> [Entries supplied]:
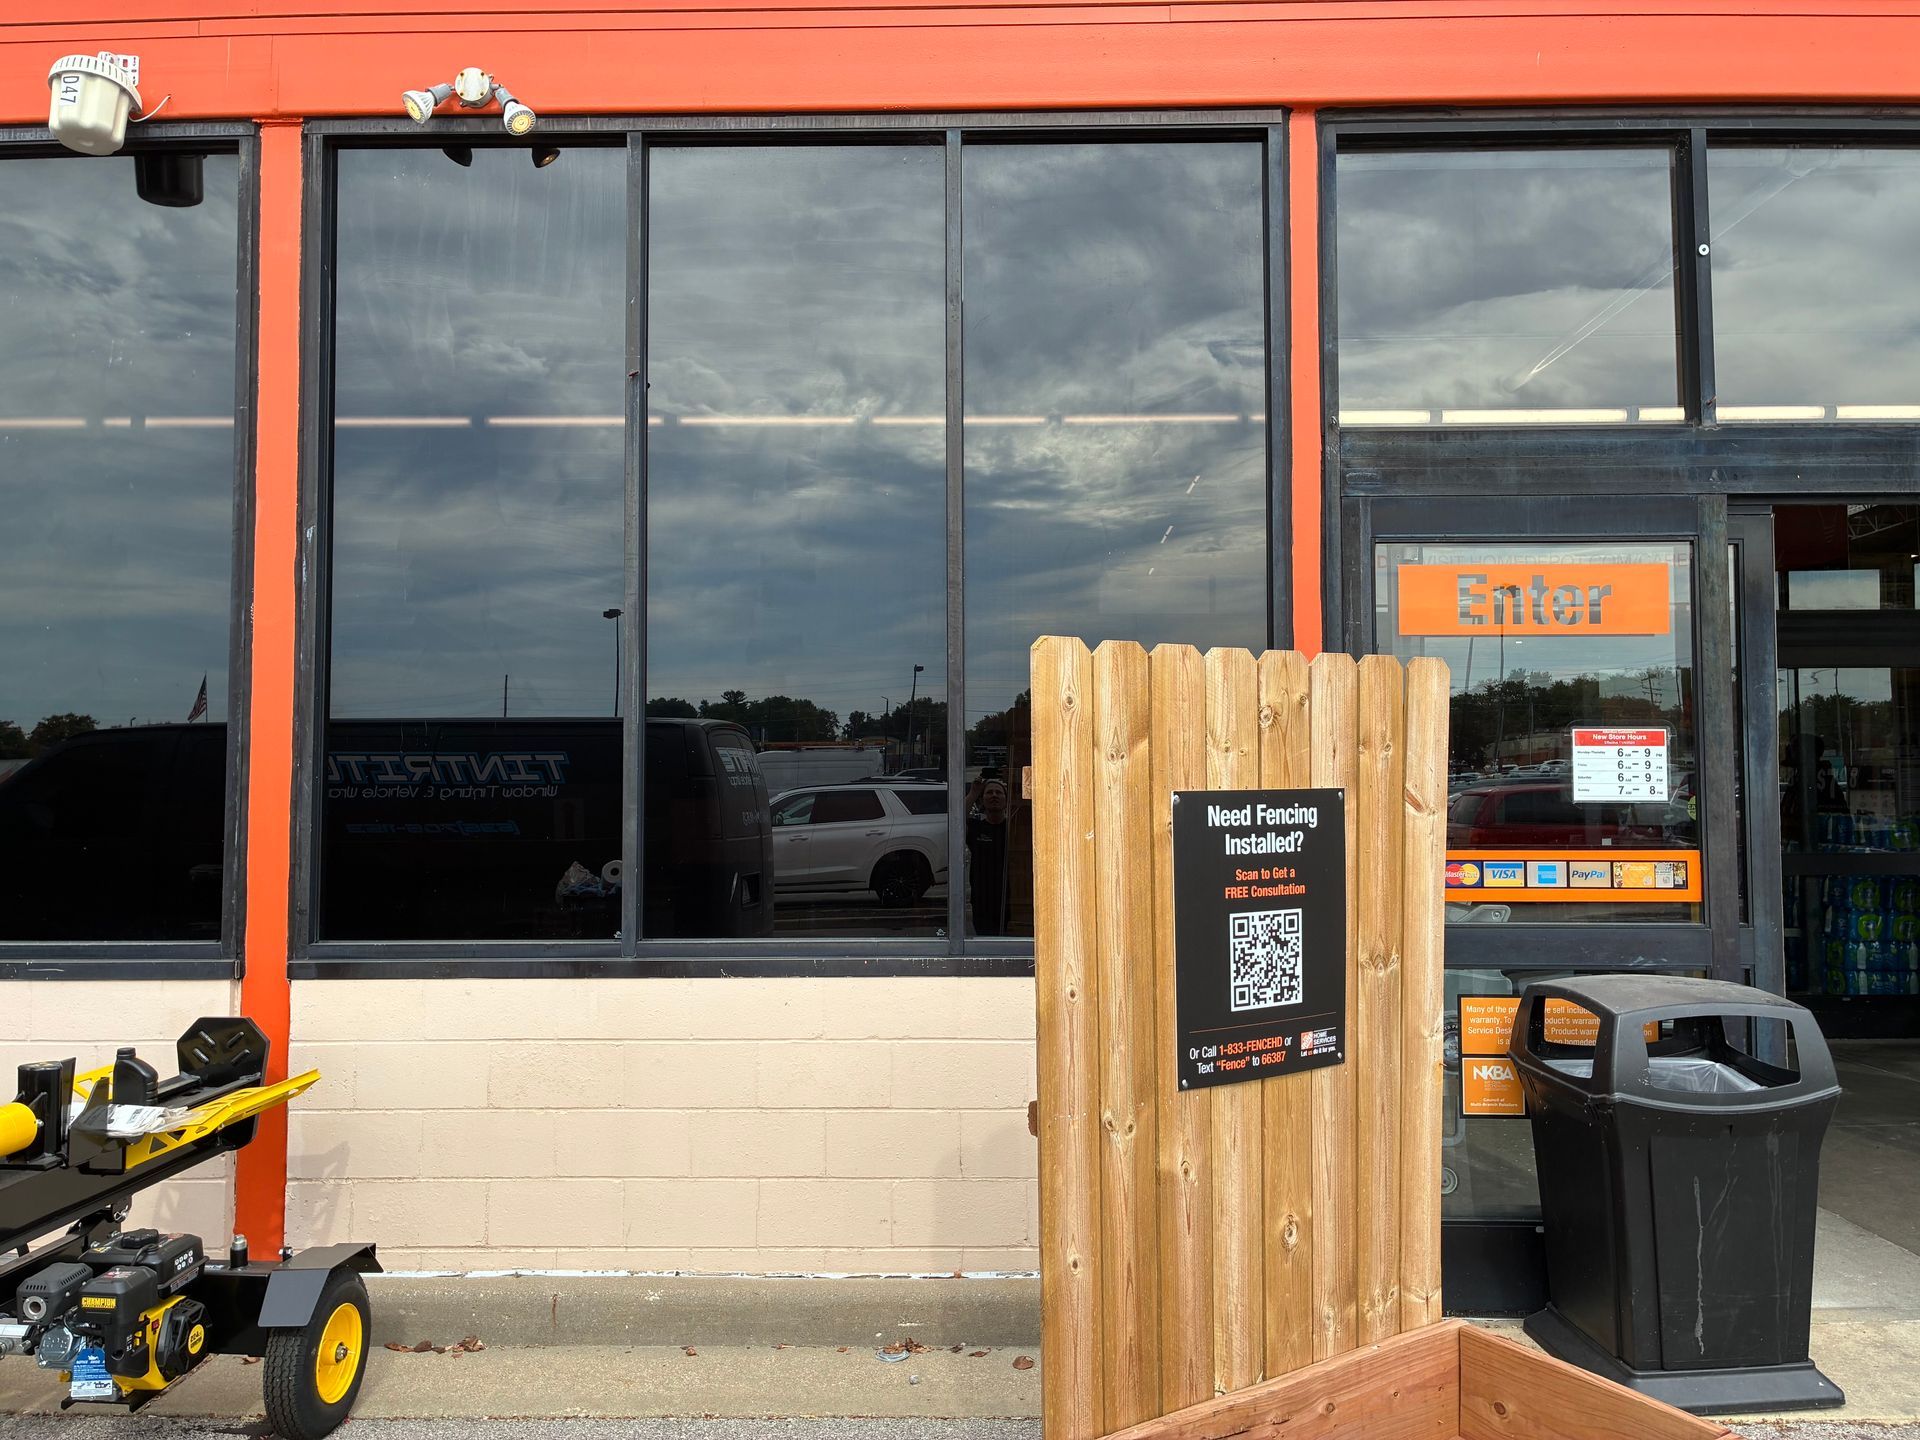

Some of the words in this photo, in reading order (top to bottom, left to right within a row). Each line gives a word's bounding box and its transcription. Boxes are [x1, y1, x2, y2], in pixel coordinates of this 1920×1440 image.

[60, 75, 79, 104] D47
[1457, 573, 1613, 626] Enter
[1617, 748, 1624, 757] 6
[1644, 748, 1651, 757] 9
[1617, 760, 1624, 770] 6
[1645, 760, 1651, 770] 9
[1617, 773, 1624, 782] 6
[1645, 773, 1651, 782] 9
[1618, 786, 1625, 795] 7
[1649, 786, 1656, 795] 8
[1207, 805, 1251, 827] Need
[1256, 803, 1318, 828] Fencing
[1225, 831, 1304, 855] Installed?
[1236, 868, 1259, 881] Scan
[1261, 868, 1271, 880] to
[1272, 867, 1289, 879] Get
[1289, 868, 1296, 878] a
[1491, 870, 1517, 879] VISA
[1571, 870, 1606, 880] PayPal
[1225, 886, 1249, 899] FREE
[1251, 883, 1306, 898] Consultation
[1466, 1006, 1485, 1014] Many
[1470, 1017, 1502, 1025] warranty.
[1313, 1036, 1337, 1045] SERVICES
[1497, 1037, 1504, 1045] is
[1189, 1047, 1199, 1060] Or
[1201, 1045, 1217, 1058] Call
[1219, 1037, 1283, 1056] 1-833-FENCEHD
[1284, 1037, 1292, 1047] or
[1197, 1061, 1214, 1074] Text
[1216, 1057, 1250, 1072] “Fence”
[1252, 1056, 1260, 1066] to
[1261, 1051, 1286, 1065] 66387
[1473, 1065, 1515, 1081] NKBA
[82, 1297, 116, 1307] CHAMPION

> [Task directions]: Repeat the data in full, exactly as it stands, but drop every picture.

> [Result]:
Some of the words in this photo, in reading order (top to bottom, left to right within a row). Each line gives a word's bounding box and its transcription. Boxes are [x1, y1, x2, y2], in pixel coordinates of this 1920×1440 image.

[60, 75, 79, 104] D47
[1457, 573, 1613, 626] Enter
[1617, 748, 1624, 757] 6
[1644, 748, 1651, 757] 9
[1617, 760, 1624, 770] 6
[1645, 760, 1651, 770] 9
[1617, 773, 1624, 782] 6
[1645, 773, 1651, 782] 9
[1618, 786, 1625, 795] 7
[1649, 786, 1656, 795] 8
[1207, 805, 1251, 827] Need
[1256, 803, 1318, 828] Fencing
[1225, 831, 1304, 855] Installed?
[1236, 868, 1259, 881] Scan
[1261, 868, 1271, 880] to
[1272, 867, 1289, 879] Get
[1289, 868, 1296, 878] a
[1491, 870, 1517, 879] VISA
[1571, 870, 1606, 880] PayPal
[1225, 886, 1249, 899] FREE
[1251, 883, 1306, 898] Consultation
[1466, 1006, 1485, 1014] Many
[1470, 1017, 1502, 1025] warranty.
[1313, 1036, 1337, 1045] SERVICES
[1497, 1037, 1504, 1045] is
[1189, 1047, 1199, 1060] Or
[1201, 1045, 1217, 1058] Call
[1219, 1037, 1283, 1056] 1-833-FENCEHD
[1284, 1037, 1292, 1047] or
[1197, 1061, 1214, 1074] Text
[1216, 1057, 1250, 1072] “Fence”
[1252, 1056, 1260, 1066] to
[1261, 1051, 1286, 1065] 66387
[1473, 1065, 1515, 1081] NKBA
[82, 1297, 116, 1307] CHAMPION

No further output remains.